Co-producing the evaluation of the RNIB Newcastle Street Charter
Every day 250 people start to lose their sight in the UK, so outdoor public spaces such as streets and pavements need to be accessible, but they remain a daily obstacle course. Getting to work, the shops, the GP surgery, or accessing local services can be like running the gauntlet, with increased fear and anxiety, and a real risk of injury.
In 2017 public partners who were experts by experience initiated the Newcastle Street Charter project which examined the travel and mobility needs of users in Newcastle and Gateshead. Launched in December 2017, the Charter aimed to engage with disabled people on new developments, changes to the built environment and the design of street furniture, as well as an alternative system for reporting disruptions to travel, including broken or faulty pedestrian crossings.

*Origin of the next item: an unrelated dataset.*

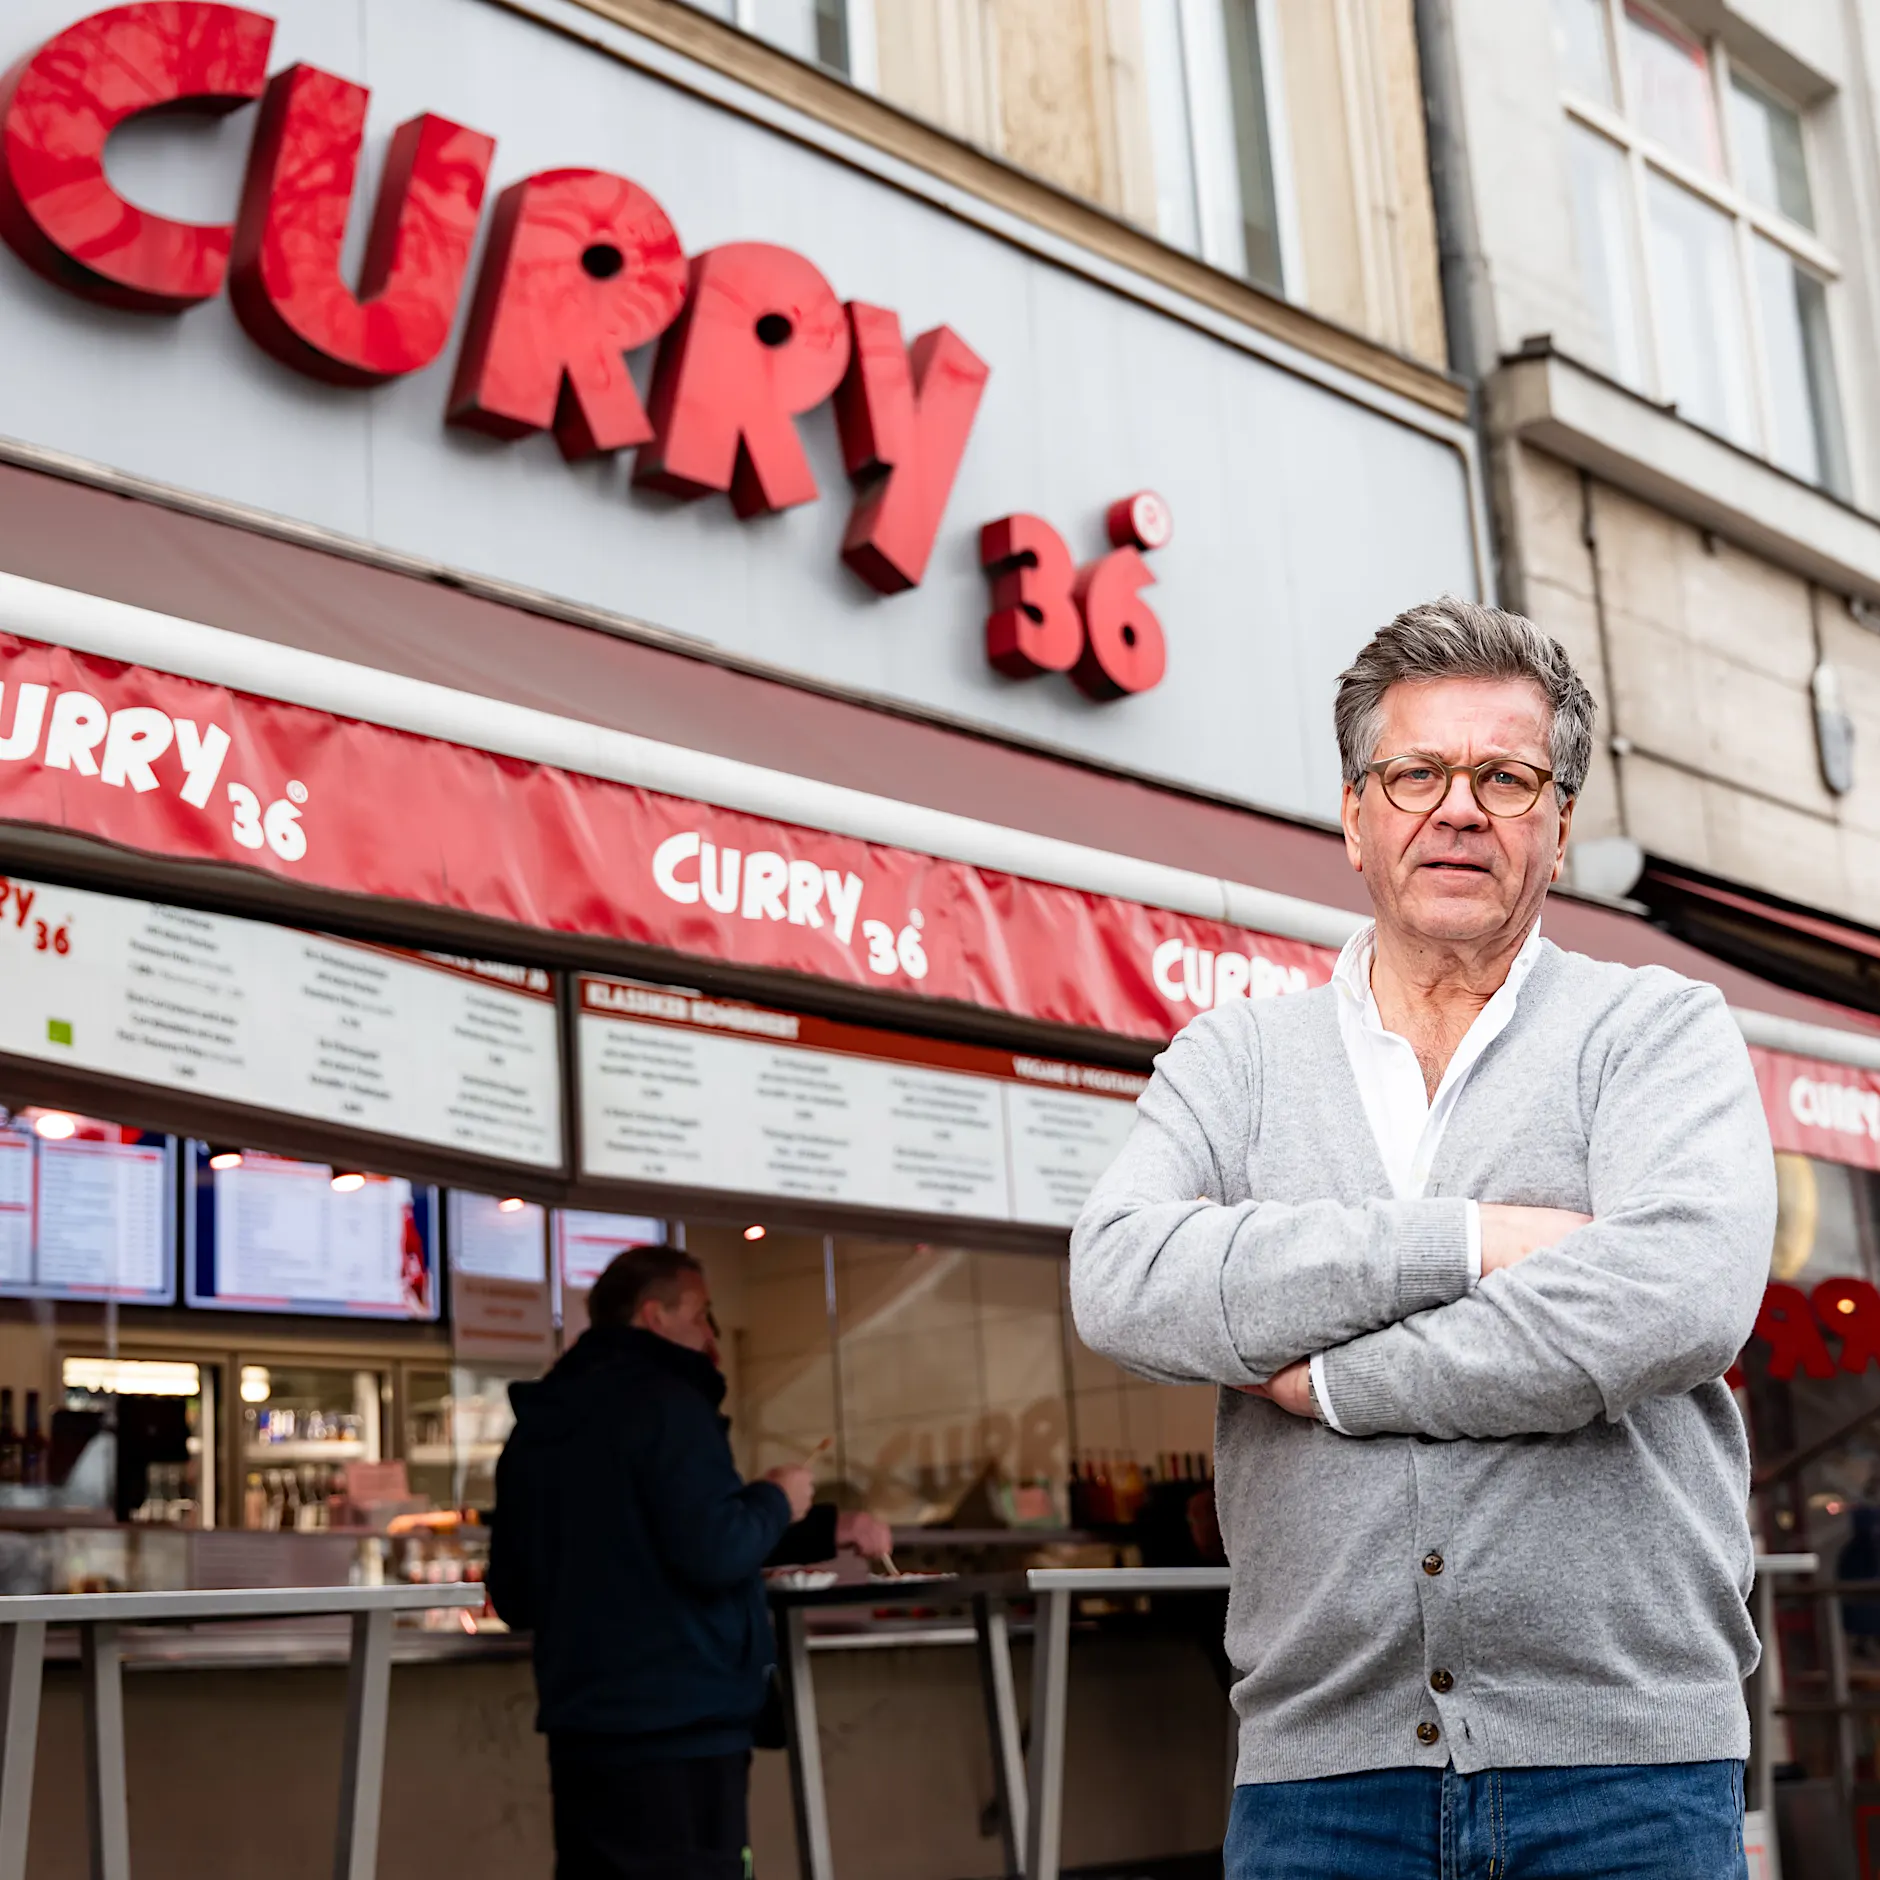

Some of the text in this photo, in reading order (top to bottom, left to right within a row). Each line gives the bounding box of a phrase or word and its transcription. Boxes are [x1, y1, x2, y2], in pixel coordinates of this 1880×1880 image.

The public partners were then supported by Fuse researcher Dr Jayne Jeffries (Newcastle University), the Royal National Institute for the Blind (RNIB), and Sight Service to co-produce an evaluation of the Street Charter. In 2018, the evaluation findings were shared at the “Negotiating Neighbourhoods” event supported again by Fuse, the RNIB, and the Sight Service. Public partners were instrumental in feeding back the evaluation findings and discussing the implications of the research for policy and practice. They also reflected on the experience of working collaboratively, and facilitated the experiential workshops to peers, members of the council, public health, and policy and practice partners, including voluntary services.